The cytoplasmic filament nucleoporins of the nuclear pore complex (NPC) are critically involved in nuclear export and remodeling of mRNA ribonucleoprotein particles and are associated with various human malignancies.
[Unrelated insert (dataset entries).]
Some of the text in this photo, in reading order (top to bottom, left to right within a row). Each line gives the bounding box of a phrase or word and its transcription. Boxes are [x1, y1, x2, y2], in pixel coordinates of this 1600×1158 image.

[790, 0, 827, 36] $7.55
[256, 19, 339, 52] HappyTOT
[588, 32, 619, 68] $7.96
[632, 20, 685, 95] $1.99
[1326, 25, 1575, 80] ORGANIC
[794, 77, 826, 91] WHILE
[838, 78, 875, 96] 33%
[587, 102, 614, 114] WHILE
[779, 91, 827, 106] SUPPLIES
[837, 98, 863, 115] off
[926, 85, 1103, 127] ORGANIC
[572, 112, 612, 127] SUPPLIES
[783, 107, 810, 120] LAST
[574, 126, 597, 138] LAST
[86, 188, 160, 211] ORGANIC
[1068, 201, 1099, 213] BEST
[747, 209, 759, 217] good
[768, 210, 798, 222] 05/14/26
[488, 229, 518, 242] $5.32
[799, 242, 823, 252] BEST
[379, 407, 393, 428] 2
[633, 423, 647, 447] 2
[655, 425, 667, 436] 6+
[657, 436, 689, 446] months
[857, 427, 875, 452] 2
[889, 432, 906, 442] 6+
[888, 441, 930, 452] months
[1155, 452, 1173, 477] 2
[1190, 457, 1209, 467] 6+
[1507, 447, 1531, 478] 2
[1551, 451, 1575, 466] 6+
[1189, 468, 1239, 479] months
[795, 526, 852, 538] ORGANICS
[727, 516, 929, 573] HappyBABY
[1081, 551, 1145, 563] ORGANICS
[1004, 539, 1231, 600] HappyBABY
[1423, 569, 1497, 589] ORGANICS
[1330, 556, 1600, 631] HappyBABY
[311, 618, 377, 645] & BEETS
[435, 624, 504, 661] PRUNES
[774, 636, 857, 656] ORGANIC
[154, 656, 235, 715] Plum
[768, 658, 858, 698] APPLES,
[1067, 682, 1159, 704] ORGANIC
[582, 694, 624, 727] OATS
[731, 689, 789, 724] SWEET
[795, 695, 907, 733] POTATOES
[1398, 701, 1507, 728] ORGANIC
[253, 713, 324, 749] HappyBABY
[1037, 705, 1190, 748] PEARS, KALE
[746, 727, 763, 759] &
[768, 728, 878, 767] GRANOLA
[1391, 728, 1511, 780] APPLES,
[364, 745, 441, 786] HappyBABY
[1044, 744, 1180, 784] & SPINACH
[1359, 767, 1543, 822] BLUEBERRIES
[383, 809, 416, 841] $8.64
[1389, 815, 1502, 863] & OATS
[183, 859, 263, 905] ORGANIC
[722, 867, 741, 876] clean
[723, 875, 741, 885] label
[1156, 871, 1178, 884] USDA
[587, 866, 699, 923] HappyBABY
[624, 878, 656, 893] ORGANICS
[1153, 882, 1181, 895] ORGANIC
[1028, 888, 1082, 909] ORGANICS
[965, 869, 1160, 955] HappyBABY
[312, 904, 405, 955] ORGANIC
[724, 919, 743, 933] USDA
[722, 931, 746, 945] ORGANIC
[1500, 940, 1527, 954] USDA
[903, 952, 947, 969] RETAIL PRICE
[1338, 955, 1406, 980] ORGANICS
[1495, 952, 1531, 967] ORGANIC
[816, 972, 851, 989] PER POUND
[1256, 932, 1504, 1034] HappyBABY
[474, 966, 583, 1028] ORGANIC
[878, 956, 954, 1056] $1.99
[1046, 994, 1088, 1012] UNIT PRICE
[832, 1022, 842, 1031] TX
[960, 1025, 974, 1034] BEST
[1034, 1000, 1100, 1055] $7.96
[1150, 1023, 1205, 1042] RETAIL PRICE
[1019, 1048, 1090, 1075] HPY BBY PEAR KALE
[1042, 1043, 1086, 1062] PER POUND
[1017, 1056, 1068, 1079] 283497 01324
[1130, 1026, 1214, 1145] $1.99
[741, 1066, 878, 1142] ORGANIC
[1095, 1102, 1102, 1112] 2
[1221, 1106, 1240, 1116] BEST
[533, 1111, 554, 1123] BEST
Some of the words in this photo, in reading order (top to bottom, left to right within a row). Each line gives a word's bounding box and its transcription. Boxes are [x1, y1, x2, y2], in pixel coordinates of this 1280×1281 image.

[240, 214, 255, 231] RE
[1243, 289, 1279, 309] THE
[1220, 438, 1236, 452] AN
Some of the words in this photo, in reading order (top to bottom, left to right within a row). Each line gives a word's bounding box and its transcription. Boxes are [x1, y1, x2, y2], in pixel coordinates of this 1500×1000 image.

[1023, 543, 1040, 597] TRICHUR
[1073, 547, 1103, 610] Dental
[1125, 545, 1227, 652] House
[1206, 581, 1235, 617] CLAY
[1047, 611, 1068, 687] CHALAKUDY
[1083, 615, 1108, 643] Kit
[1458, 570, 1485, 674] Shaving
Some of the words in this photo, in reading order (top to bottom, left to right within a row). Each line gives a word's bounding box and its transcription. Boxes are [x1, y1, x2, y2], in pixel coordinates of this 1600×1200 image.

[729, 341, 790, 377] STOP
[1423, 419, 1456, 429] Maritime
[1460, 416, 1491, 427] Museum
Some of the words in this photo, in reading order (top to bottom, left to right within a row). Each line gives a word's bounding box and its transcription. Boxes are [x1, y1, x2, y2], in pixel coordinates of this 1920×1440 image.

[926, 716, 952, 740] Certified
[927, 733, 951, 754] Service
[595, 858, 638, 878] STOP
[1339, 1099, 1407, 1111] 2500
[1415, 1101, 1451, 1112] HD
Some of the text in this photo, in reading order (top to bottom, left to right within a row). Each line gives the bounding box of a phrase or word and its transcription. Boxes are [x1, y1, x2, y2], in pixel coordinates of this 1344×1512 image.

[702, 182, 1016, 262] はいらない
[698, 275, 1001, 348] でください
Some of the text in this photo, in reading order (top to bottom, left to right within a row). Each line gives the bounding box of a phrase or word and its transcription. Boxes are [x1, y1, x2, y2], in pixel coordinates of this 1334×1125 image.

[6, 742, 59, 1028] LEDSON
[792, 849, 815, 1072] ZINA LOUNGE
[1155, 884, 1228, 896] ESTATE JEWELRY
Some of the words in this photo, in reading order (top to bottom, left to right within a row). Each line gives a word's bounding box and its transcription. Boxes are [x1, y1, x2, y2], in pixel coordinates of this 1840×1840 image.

Here, we report the crystal structure of the Nup98 C-terminal autoproteolytic domain, frequently missing from leukemogenic forms of the protein, in complex with the N-terminal domain of Nup82 and the C-terminal tail fragment of Nup159. The Nup82 β propeller serves as a noncooperative binding platform for both binding partners. Interaction of Nup98 with Nup82 occurs through a reciprocal exchange of loop structures. Strikingly, the same Nup98 groove promiscuously interacts with Nup82 and Nup96 in a mutually excusive fashion. Simultaneous disruption of both Nup82 interactions in yeast causes severe defects in mRNA export, while the severing of a single interaction is tolerated. Thus, the cytoplasmic filament network of the NPC is robust, consistent with its essential function in nucleocytoplasmic transport.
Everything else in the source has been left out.